Estábamos atrapados. La herramienta que habíamos traído para someter al planeta nos destruiría si la usábamos. La arrogancia, de nuevo. Intentando arreglar un problema, habíamos creado uno infinitamente peor.
Frente a mí, la pared de biomasa se disolvió. Anja ya no estaba. En su lugar, había una nueva estructura fúngica, con la forma aproximada de un ser humano, que emitía la misma secuencia de luz que ella había programado. El planeta no la había matado. La había… asimilado. La había convertido en parte de su conciencia, en su primera embajadora. Y la nueva "Anja" me miraba, su luz pulsante era una pregunta silenciosa: ¿Y tú? ¿Lucharás? ¿O te unirás al jardín?
No sé cómo escapé. Supongo que la nueva conciencia planetaria, con el eco de Anja en su interior, me dejó ir. Un acto de piedad, o quizás una advertencia. Volví al "Arado", encontré a un Kenji catatónico y logré despegar, dejando atrás ese mundo verde y terrible.
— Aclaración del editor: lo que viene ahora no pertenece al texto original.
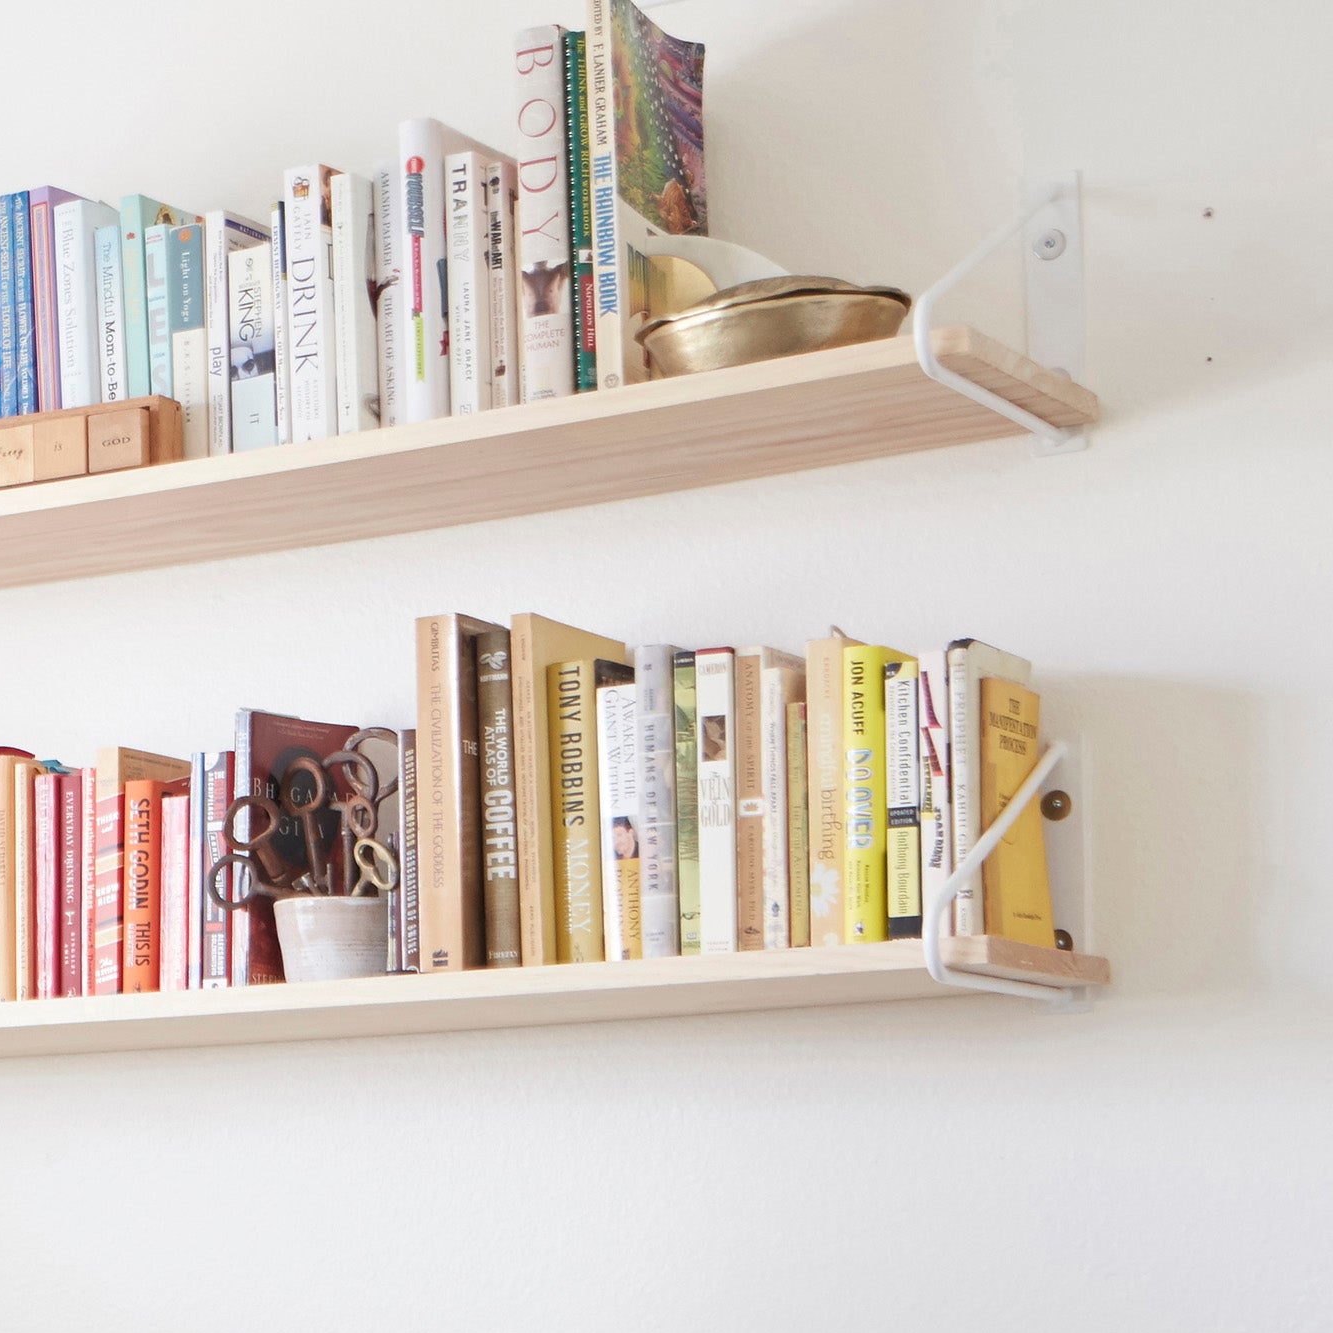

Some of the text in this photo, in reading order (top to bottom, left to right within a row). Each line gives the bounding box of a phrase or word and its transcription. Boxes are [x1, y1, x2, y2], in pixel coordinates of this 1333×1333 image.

[593, 0, 608, 146] DITED LANIER GRAHAM
[516, 44, 560, 242] BODY
[578, 58, 591, 237] THINK GROW RICH WORKBOOK
[15, 213, 25, 247] ANCIENT
[303, 213, 312, 241] IAIN
[381, 172, 392, 266] AMANDA PALMER
[406, 173, 424, 238] YOURSELF
[451, 163, 469, 263] TRANNY
[593, 151, 618, 318] THE RAINBOW BOOK
[0, 214, 12, 338] ANCIENT FLOWER
[61, 228, 78, 368] Blue Zones Solution
[181, 251, 192, 323] Light Yoga
[252, 280, 263, 338] STEPHEN
[102, 242, 119, 401] The Mindful Mom-to-Be
[238, 287, 255, 343] KING
[292, 257, 320, 374] DRINK
[384, 295, 396, 406] THE ART ASKING
[462, 282, 473, 381] LAURA JANE GRACE
[533, 320, 549, 330] THE
[585, 283, 596, 348] NAPOLEON HILL
[209, 346, 222, 377] play
[53, 442, 64, 453] is
[101, 436, 132, 448] GOD
[605, 689, 619, 741] GIANT
[743, 663, 755, 790] ANATOMY SPIRIT
[850, 660, 865, 736] JON ACUFF
[987, 711, 1038, 740] MANIFESTATION
[484, 726, 497, 787] ATLAS OF
[494, 708, 508, 786] THE WORLD
[558, 665, 586, 827] TONY ROBBINS
[621, 697, 637, 800] AWAKEN THE
[644, 724, 657, 783] HUMANS
[846, 748, 873, 782] DO
[897, 680, 912, 805] Kitchen Confidential
[998, 733, 1027, 757] PROCESS
[431, 683, 445, 888] THE CIVILIZATION THE GODDESS
[646, 791, 656, 809] OF
[700, 778, 731, 801] VEIN
[700, 803, 731, 828] GOLD
[846, 787, 874, 850] OVER
[65, 791, 76, 903] EVERYDAY DRINKING
[129, 798, 150, 910] SETH GODIN
[484, 789, 517, 881] COFFEE
[646, 816, 657, 846] NEW
[818, 789, 842, 860] birthing
[406, 849, 417, 908] GENERATION
[570, 838, 592, 933] MONEY
[627, 867, 641, 941] ANTHONY
[646, 854, 659, 891] YORK
[897, 872, 910, 914] Bourdain
[135, 922, 151, 967] THIS IS
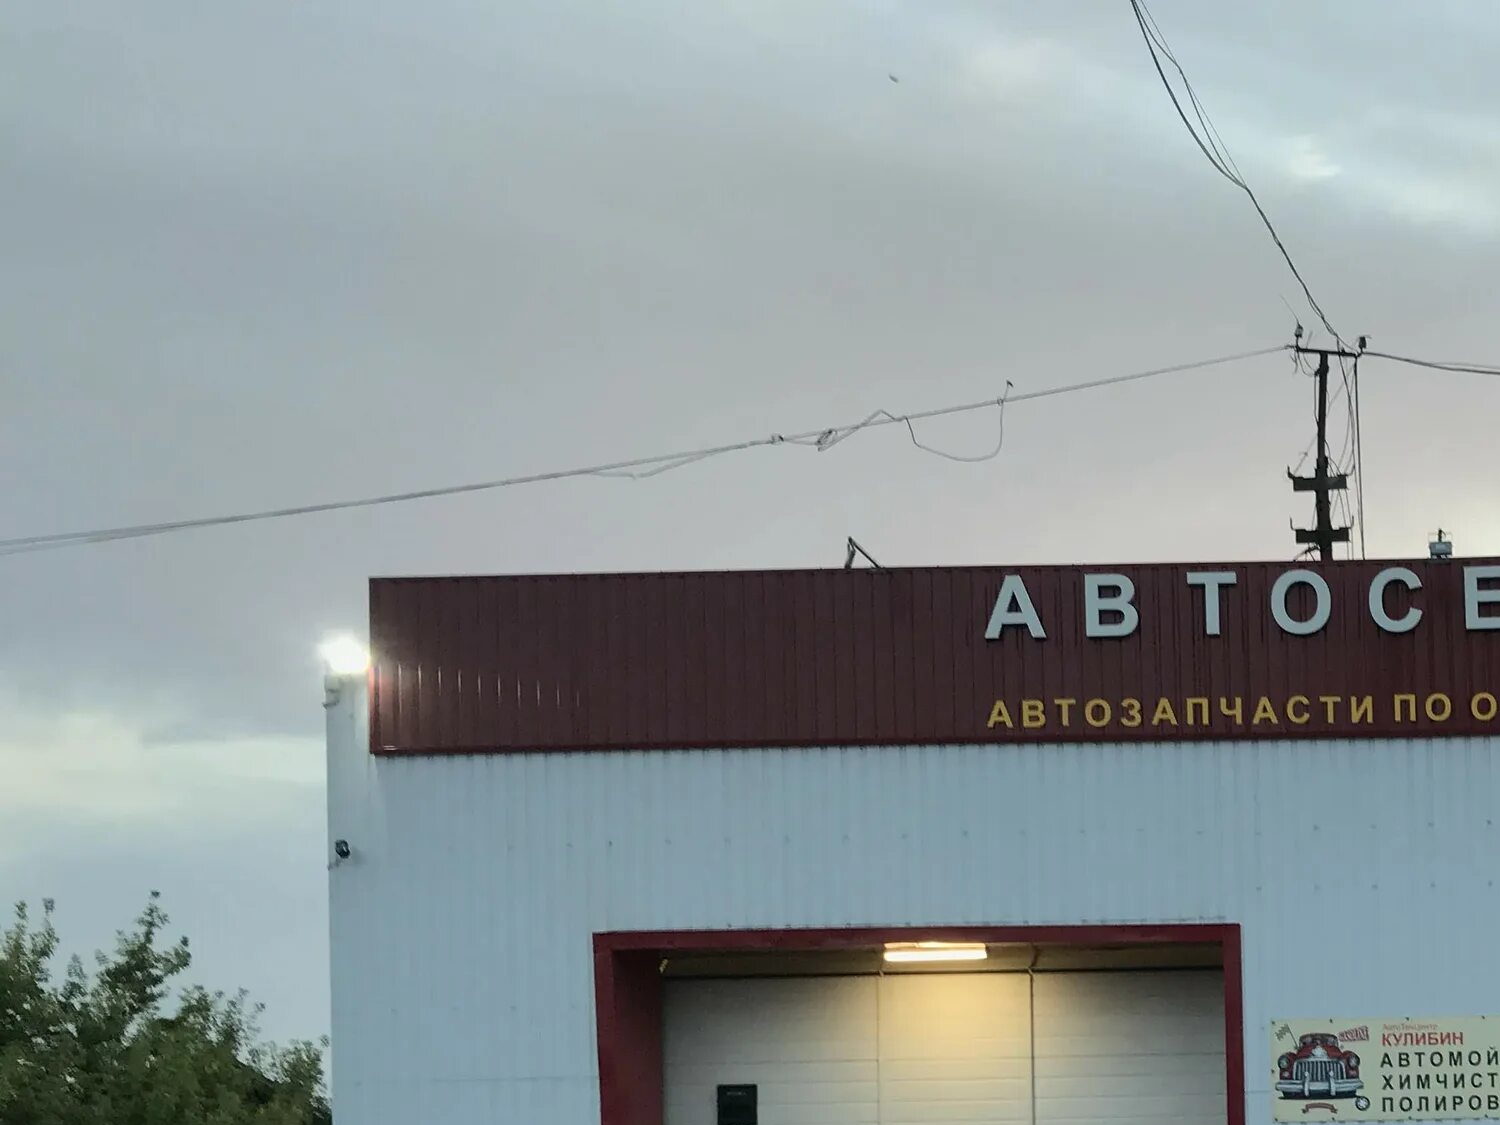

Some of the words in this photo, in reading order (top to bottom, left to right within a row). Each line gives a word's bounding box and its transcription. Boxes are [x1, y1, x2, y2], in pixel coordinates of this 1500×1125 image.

Informamos a Geo-Revival. La misión fue clasificada como un fracaso catastrófico. La Tierra fue declarada zona de cuarentena permanente. Intocable. Incomprensible.
A veces, desde la ventana de mi apartamento en una luna esterilizada que llamamos hogar, miro el punto azul pálido en los mapas estelares. No es azul, claro. Es verde oscuro. Un verde que me persigue en sueños.
No encontramos una simbiosis precaria. La Tierra nos rechazó. O, peor aún, nos perdonó la vida, nos exilió. Nos demostró que no éramos jardineros. Éramos la mala hierba. Y ella, en su agonía, había aprendido a arrancarnos de raíz. La humanidad nunca volverá a casa. Porque la casa ya no es nuestra. Se ha curado de nosotros. Y su silencio, su nueva y terrible vida, es el monumento definitivo a nuestro fracaso. El eco de nuestra arrogancia, resonando en un jardín que nunca entenderemos.